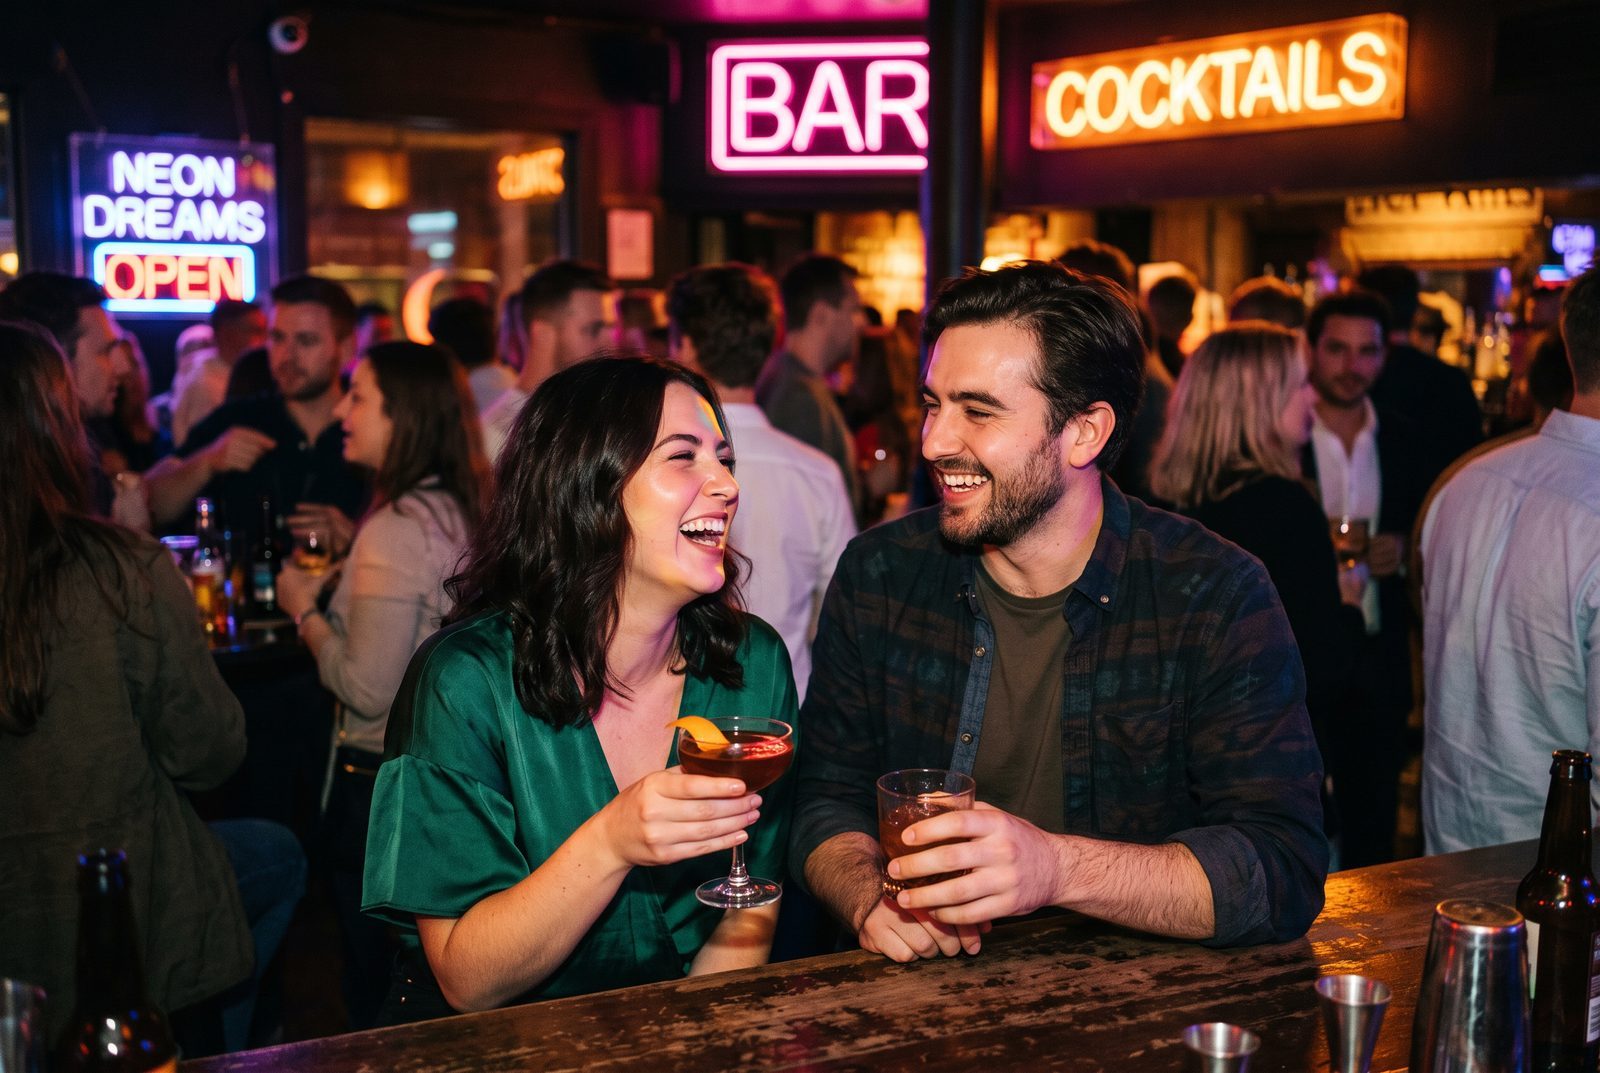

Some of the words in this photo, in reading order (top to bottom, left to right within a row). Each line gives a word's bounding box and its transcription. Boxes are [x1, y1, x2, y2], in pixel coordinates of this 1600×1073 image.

[731, 60, 930, 152] BAR
[1046, 31, 1387, 137] COCKTAILS
[112, 150, 236, 198] NEON
[83, 194, 266, 244] DREAMS
[104, 254, 243, 303] OPEN
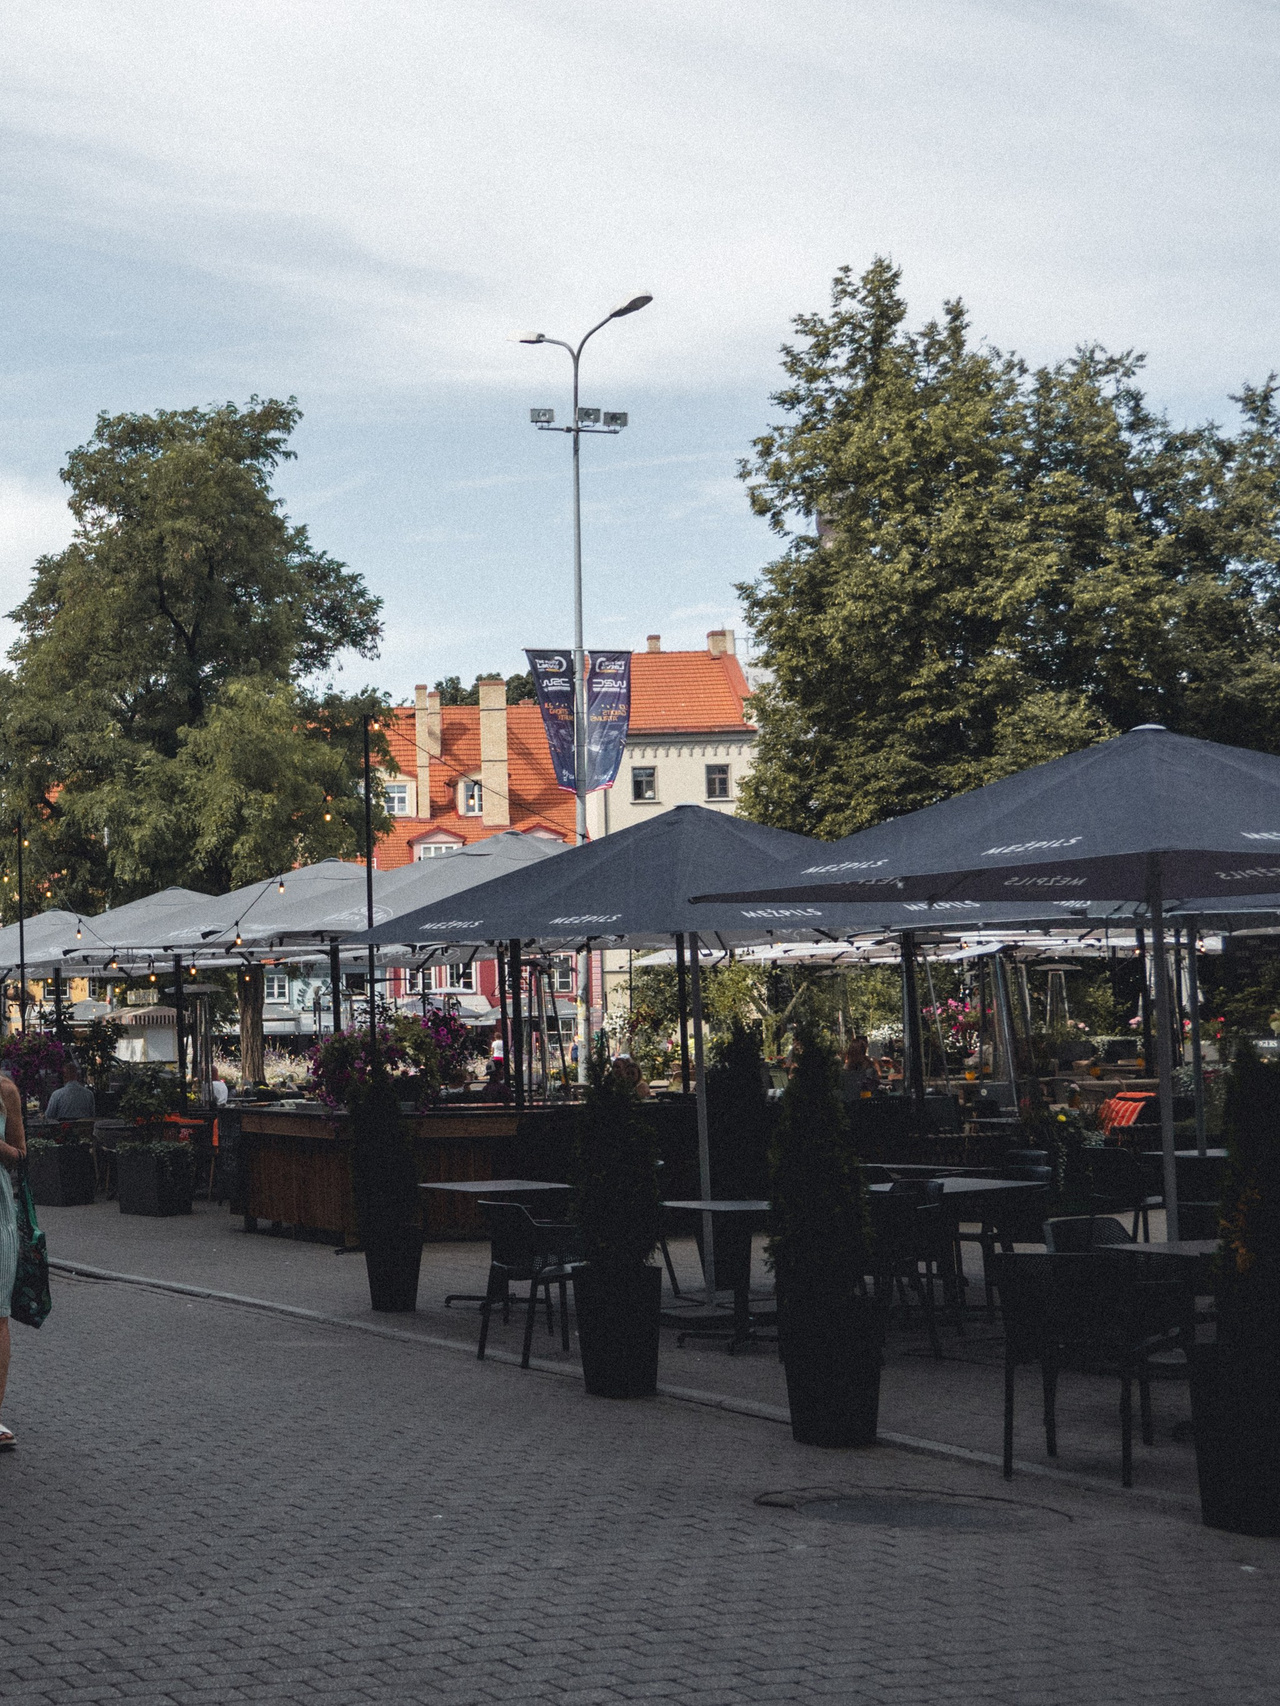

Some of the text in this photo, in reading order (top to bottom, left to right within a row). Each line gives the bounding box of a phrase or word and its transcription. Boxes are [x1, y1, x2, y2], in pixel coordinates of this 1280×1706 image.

[980, 836, 1084, 857] MEŽPILS
[800, 858, 890, 876] MEŽPILS
[547, 913, 623, 926] MEŽPILS
[740, 907, 823, 920] MEŽPILS
[418, 919, 485, 931] MEŽPILS

○ ○ ○ ○

- WHAT YOU WILL DO: Please write out all of the data verbatim, with no pictures in the copy.

- EXERCISE SOLUTION:
Some of the words in this photo, in reading order (top to bottom, left to right within a row). Each line gives a word's bounding box and its transcription. Boxes are [x1, y1, x2, y2], in pixel coordinates of this 1600×1073 image.

[731, 60, 930, 152] BAR
[1046, 31, 1387, 137] COCKTAILS
[112, 150, 236, 198] NEON
[83, 194, 266, 244] DREAMS
[104, 254, 243, 303] OPEN

Some of the text in this photo, in reading order (top to bottom, left to right within a row). Each line gives the bounding box of a phrase or word and its transcription. Boxes are [x1, y1, x2, y2], in pixel coordinates of this 1280×1706 image.

[980, 836, 1084, 857] MEŽPILS
[800, 858, 890, 876] MEŽPILS
[547, 913, 623, 926] MEŽPILS
[740, 907, 823, 920] MEŽPILS
[418, 919, 485, 931] MEŽPILS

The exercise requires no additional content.